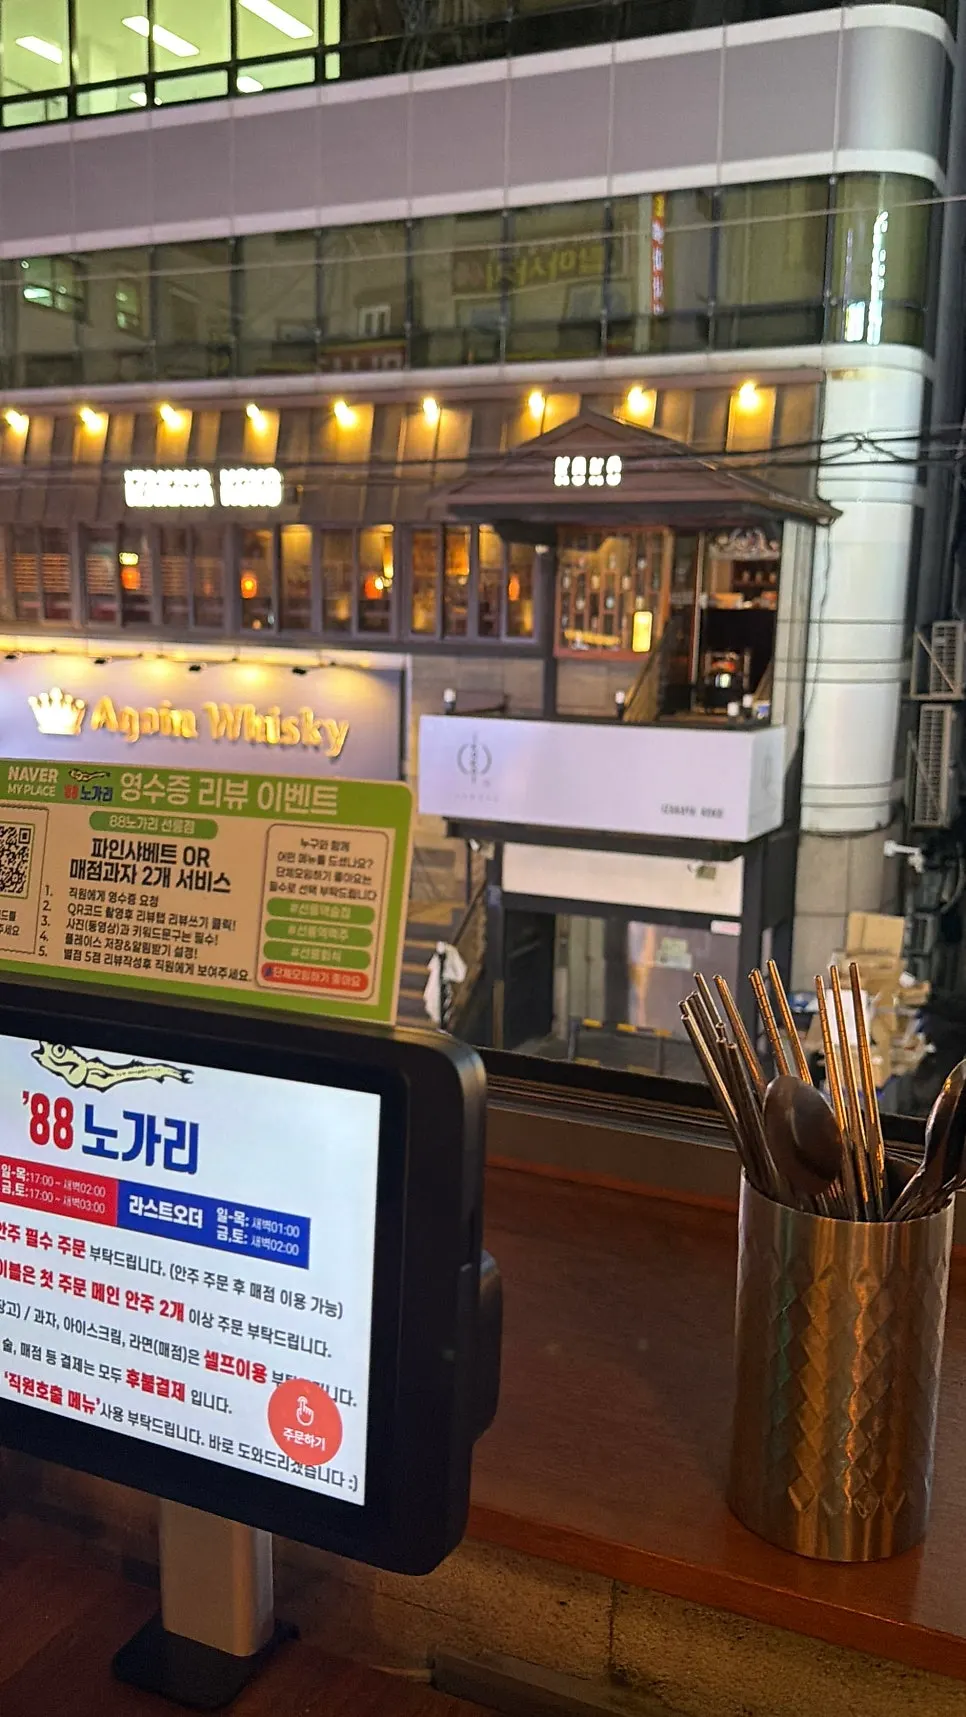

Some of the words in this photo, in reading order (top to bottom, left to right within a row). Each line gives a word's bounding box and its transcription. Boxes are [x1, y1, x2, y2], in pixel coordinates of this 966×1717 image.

[90, 695, 198, 742] Again
[203, 701, 349, 758] Whisky
[8, 766, 59, 783] NAVER
[81, 785, 113, 802] 노가리
[120, 772, 191, 805] 영수증
[198, 777, 248, 810] 리뷰
[257, 781, 338, 815] 이벤트
[110, 814, 158, 830] 88노가리
[91, 838, 177, 864] 파인샤베트
[182, 846, 210, 868] OR
[70, 858, 137, 885] 매점과자
[141, 866, 171, 888] 2개
[175, 868, 231, 893] 서비스
[45, 885, 53, 896] 1.
[69, 887, 105, 901] 직원에게
[108, 891, 136, 905] 영수증
[139, 894, 159, 907] 요청
[41, 915, 50, 927] 3.
[66, 918, 130, 936] 사진(동영상)과
[132, 925, 191, 943] 키워드문구는
[194, 932, 218, 946] 필수!
[67, 903, 102, 917] QR코드
[105, 906, 133, 920] 촬영후
[136, 909, 165, 924] 리뷰탭
[168, 913, 209, 929] 리뷰쓰기
[212, 918, 236, 931] 클릭!
[39, 931, 49, 942] 4.
[65, 932, 102, 949] 플레이스
[105, 938, 171, 957] 저장&알림받기
[174, 946, 198, 960] 설정!
[38, 946, 48, 957] 5.
[64, 948, 82, 961] 별점
[85, 951, 100, 963] 5점
[104, 953, 151, 969] 리뷰작성후
[155, 959, 194, 975] 직원에게
[197, 966, 252, 981] 보여주세요.
[82, 1104, 199, 1175] 노가리
[129, 1195, 203, 1229] 라스트오더
[216, 1207, 249, 1228] 일-목:
[250, 1217, 300, 1238] 새벽01:00
[216, 1225, 248, 1245] 금,토:
[250, 1235, 300, 1256] 새벽02:00
[25, 1228, 53, 1250] 필수
[58, 1235, 86, 1259] 주문
[90, 1245, 166, 1277] 부탁드립니다.
[170, 1263, 199, 1284] (안주
[203, 1271, 229, 1292] 주문
[233, 1278, 246, 1296] 후
[250, 1282, 275, 1303] 매점
[280, 1289, 306, 1310] 이용
[310, 1296, 343, 1320] 가능)
[40, 1269, 53, 1290] 첫
[58, 1273, 87, 1298] 주문
[91, 1281, 120, 1306] 메인
[125, 1290, 155, 1314] 안주
[159, 1300, 185, 1323] 2개
[189, 1308, 214, 1329] 이상
[217, 1315, 243, 1337] 주문
[247, 1322, 332, 1358] 부탁드립니다.
[34, 1308, 60, 1330] 과자,
[63, 1316, 125, 1347] 아이스크림,
[129, 1333, 200, 1366] 라면(매점)은
[204, 1349, 267, 1384] 셀프이용
[20, 1342, 42, 1361] 매점
[46, 1349, 57, 1365] 등
[60, 1353, 95, 1377] 결제는
[98, 1363, 122, 1383] 모두
[125, 1369, 186, 1402] 후불결제
[191, 1389, 232, 1414] 입니다.
[127, 1410, 204, 1446] 부탁드립니다.
[208, 1434, 234, 1455] 바로
[283, 1427, 325, 1451] 주문하기
· · · ·
Pictures in the data above should not be copied; transcribe everything else exactly.

Some of the words in this photo, in reading order (top to bottom, left to right within a row). Each line gives a word's bounding box and its transcription. Boxes are [x1, y1, x2, y2], in pixel coordinates of this 966×1717 image.

[90, 695, 198, 742] Again
[203, 701, 349, 758] Whisky
[8, 766, 59, 783] NAVER
[81, 785, 113, 802] 노가리
[120, 772, 191, 805] 영수증
[198, 777, 248, 810] 리뷰
[257, 781, 338, 815] 이벤트
[110, 814, 158, 830] 88노가리
[91, 838, 177, 864] 파인샤베트
[182, 846, 210, 868] OR
[70, 858, 137, 885] 매점과자
[141, 866, 171, 888] 2개
[175, 868, 231, 893] 서비스
[45, 885, 53, 896] 1.
[69, 887, 105, 901] 직원에게
[108, 891, 136, 905] 영수증
[139, 894, 159, 907] 요청
[41, 915, 50, 927] 3.
[66, 918, 130, 936] 사진(동영상)과
[132, 925, 191, 943] 키워드문구는
[194, 932, 218, 946] 필수!
[67, 903, 102, 917] QR코드
[105, 906, 133, 920] 촬영후
[136, 909, 165, 924] 리뷰탭
[168, 913, 209, 929] 리뷰쓰기
[212, 918, 236, 931] 클릭!
[39, 931, 49, 942] 4.
[65, 932, 102, 949] 플레이스
[105, 938, 171, 957] 저장&알림받기
[174, 946, 198, 960] 설정!
[38, 946, 48, 957] 5.
[64, 948, 82, 961] 별점
[85, 951, 100, 963] 5점
[104, 953, 151, 969] 리뷰작성후
[155, 959, 194, 975] 직원에게
[197, 966, 252, 981] 보여주세요.
[82, 1104, 199, 1175] 노가리
[129, 1195, 203, 1229] 라스트오더
[216, 1207, 249, 1228] 일-목:
[250, 1217, 300, 1238] 새벽01:00
[216, 1225, 248, 1245] 금,토:
[250, 1235, 300, 1256] 새벽02:00
[25, 1228, 53, 1250] 필수
[58, 1235, 86, 1259] 주문
[90, 1245, 166, 1277] 부탁드립니다.
[170, 1263, 199, 1284] (안주
[203, 1271, 229, 1292] 주문
[233, 1278, 246, 1296] 후
[250, 1282, 275, 1303] 매점
[280, 1289, 306, 1310] 이용
[310, 1296, 343, 1320] 가능)
[40, 1269, 53, 1290] 첫
[58, 1273, 87, 1298] 주문
[91, 1281, 120, 1306] 메인
[125, 1290, 155, 1314] 안주
[159, 1300, 185, 1323] 2개
[189, 1308, 214, 1329] 이상
[217, 1315, 243, 1337] 주문
[247, 1322, 332, 1358] 부탁드립니다.
[34, 1308, 60, 1330] 과자,
[63, 1316, 125, 1347] 아이스크림,
[129, 1333, 200, 1366] 라면(매점)은
[204, 1349, 267, 1384] 셀프이용
[20, 1342, 42, 1361] 매점
[46, 1349, 57, 1365] 등
[60, 1353, 95, 1377] 결제는
[98, 1363, 122, 1383] 모두
[125, 1369, 186, 1402] 후불결제
[191, 1389, 232, 1414] 입니다.
[127, 1410, 204, 1446] 부탁드립니다.
[208, 1434, 234, 1455] 바로
[283, 1427, 325, 1451] 주문하기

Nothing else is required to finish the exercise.